■ EXERCISE REQUIREMENTS
Return exactly the final stretch of the records below, opening with the line that contains "this 1920×1281 image." and closing with the last line.

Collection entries
────────────────
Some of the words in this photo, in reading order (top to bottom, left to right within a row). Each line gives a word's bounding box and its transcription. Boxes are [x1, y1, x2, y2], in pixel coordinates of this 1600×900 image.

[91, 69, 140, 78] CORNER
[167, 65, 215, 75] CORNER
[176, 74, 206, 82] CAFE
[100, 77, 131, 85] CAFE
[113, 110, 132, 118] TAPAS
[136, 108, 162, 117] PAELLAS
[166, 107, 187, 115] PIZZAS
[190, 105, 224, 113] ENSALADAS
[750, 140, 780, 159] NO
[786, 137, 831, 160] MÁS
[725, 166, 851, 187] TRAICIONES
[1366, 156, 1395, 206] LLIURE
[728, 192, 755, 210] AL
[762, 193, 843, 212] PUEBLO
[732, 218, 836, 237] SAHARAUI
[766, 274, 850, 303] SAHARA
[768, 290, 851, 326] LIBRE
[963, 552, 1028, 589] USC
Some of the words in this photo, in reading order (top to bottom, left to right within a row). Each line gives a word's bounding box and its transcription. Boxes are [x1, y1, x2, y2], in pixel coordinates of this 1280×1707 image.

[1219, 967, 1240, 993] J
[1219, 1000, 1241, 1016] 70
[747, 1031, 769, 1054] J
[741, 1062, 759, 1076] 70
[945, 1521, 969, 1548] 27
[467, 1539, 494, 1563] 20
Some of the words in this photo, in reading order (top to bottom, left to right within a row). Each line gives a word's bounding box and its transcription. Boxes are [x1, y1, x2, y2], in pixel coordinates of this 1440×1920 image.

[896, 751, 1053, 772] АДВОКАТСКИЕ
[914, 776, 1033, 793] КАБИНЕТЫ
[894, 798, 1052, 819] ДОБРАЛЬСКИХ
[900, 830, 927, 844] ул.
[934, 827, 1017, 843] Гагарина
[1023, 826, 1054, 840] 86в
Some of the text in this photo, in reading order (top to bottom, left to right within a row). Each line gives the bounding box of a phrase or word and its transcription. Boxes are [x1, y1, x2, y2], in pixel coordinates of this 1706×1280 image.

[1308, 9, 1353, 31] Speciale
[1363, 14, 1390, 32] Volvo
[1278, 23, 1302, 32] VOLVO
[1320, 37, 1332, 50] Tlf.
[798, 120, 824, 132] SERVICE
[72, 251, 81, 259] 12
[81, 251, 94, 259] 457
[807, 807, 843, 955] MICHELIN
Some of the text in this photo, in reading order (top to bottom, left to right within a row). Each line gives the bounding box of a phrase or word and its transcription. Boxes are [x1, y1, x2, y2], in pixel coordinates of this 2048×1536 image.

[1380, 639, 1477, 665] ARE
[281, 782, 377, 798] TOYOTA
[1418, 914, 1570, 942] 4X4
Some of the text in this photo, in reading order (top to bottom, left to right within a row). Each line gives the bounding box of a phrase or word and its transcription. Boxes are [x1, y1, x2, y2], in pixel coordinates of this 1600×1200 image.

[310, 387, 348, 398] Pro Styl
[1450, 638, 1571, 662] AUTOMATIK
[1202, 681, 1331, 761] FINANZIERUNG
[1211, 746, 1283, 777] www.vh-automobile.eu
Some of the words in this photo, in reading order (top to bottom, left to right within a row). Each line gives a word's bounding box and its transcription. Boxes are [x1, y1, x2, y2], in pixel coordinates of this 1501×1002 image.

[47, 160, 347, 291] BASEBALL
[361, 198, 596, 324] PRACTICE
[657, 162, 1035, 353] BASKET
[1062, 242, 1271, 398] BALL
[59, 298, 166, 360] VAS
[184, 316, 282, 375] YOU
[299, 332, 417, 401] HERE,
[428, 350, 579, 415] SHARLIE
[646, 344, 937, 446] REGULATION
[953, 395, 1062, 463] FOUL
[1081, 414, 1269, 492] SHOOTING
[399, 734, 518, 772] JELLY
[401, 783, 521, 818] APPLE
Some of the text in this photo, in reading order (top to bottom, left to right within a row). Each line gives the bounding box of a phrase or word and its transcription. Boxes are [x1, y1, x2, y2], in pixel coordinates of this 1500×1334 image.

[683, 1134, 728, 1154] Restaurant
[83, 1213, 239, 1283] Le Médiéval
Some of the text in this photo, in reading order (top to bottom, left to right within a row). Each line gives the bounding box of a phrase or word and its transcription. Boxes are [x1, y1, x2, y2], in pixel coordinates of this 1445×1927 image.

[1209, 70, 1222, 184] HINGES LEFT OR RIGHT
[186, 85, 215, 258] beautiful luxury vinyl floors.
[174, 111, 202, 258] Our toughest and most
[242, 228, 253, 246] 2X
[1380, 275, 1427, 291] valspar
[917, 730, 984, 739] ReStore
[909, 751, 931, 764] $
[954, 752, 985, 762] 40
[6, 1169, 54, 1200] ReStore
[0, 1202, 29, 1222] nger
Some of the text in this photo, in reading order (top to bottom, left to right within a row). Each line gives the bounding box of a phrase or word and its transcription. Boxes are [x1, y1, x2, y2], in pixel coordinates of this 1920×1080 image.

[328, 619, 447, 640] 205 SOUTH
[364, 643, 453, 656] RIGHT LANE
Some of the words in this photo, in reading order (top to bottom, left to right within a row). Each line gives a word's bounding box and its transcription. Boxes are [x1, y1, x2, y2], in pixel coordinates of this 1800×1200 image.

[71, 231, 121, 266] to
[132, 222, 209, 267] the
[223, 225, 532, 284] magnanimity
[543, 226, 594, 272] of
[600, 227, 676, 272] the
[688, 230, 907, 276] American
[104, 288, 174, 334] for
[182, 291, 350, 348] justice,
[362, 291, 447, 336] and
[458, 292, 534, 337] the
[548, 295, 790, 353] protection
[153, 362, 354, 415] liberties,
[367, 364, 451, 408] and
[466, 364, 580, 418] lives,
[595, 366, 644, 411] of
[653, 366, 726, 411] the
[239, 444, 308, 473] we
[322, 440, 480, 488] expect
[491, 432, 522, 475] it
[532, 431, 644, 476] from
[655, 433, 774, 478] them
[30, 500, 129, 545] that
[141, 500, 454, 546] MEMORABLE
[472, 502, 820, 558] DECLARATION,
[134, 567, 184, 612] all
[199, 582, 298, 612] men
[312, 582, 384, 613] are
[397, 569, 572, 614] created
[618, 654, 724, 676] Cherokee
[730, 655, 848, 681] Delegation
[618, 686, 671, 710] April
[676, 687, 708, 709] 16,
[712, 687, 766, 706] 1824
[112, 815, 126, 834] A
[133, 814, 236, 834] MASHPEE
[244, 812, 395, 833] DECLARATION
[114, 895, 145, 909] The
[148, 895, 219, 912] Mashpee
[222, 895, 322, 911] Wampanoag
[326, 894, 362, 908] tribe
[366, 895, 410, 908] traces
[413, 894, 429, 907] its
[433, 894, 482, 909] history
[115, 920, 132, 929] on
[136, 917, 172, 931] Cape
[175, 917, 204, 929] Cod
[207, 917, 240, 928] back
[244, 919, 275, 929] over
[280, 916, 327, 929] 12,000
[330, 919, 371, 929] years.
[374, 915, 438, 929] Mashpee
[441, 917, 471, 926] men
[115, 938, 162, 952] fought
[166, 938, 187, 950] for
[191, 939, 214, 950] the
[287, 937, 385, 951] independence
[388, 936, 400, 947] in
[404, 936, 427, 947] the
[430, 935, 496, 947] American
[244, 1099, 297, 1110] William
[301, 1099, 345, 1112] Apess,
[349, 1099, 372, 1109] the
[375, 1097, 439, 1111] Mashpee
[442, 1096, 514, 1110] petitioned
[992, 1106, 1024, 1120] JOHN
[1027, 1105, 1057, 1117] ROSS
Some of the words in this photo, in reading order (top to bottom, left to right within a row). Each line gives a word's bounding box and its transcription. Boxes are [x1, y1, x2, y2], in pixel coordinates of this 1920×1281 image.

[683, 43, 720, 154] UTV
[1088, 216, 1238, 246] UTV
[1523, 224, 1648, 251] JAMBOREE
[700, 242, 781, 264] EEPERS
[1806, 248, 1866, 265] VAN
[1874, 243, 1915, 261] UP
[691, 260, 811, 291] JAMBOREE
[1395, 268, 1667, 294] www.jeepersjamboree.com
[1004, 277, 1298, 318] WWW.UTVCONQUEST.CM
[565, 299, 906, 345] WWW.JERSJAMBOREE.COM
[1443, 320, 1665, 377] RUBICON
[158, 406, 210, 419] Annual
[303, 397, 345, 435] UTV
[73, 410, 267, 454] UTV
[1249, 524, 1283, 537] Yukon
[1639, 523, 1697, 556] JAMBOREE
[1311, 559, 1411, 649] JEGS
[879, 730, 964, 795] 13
────────────────
■ EXERCISE SOLUTION
Some of the words in this photo, in reading order (top to bottom, left to right within a row). Each line gives a word's bounding box and its transcription. Boxes are [x1, y1, x2, y2], in pixel coordinates of this 1920×1281 image.

[683, 43, 720, 154] UTV
[1088, 216, 1238, 246] UTV
[1523, 224, 1648, 251] JAMBOREE
[700, 242, 781, 264] EEPERS
[1806, 248, 1866, 265] VAN
[1874, 243, 1915, 261] UP
[691, 260, 811, 291] JAMBOREE
[1395, 268, 1667, 294] www.jeepersjamboree.com
[1004, 277, 1298, 318] WWW.UTVCONQUEST.CM
[565, 299, 906, 345] WWW.JERSJAMBOREE.COM
[1443, 320, 1665, 377] RUBICON
[158, 406, 210, 419] Annual
[303, 397, 345, 435] UTV
[73, 410, 267, 454] UTV
[1249, 524, 1283, 537] Yukon
[1639, 523, 1697, 556] JAMBOREE
[1311, 559, 1411, 649] JEGS
[879, 730, 964, 795] 13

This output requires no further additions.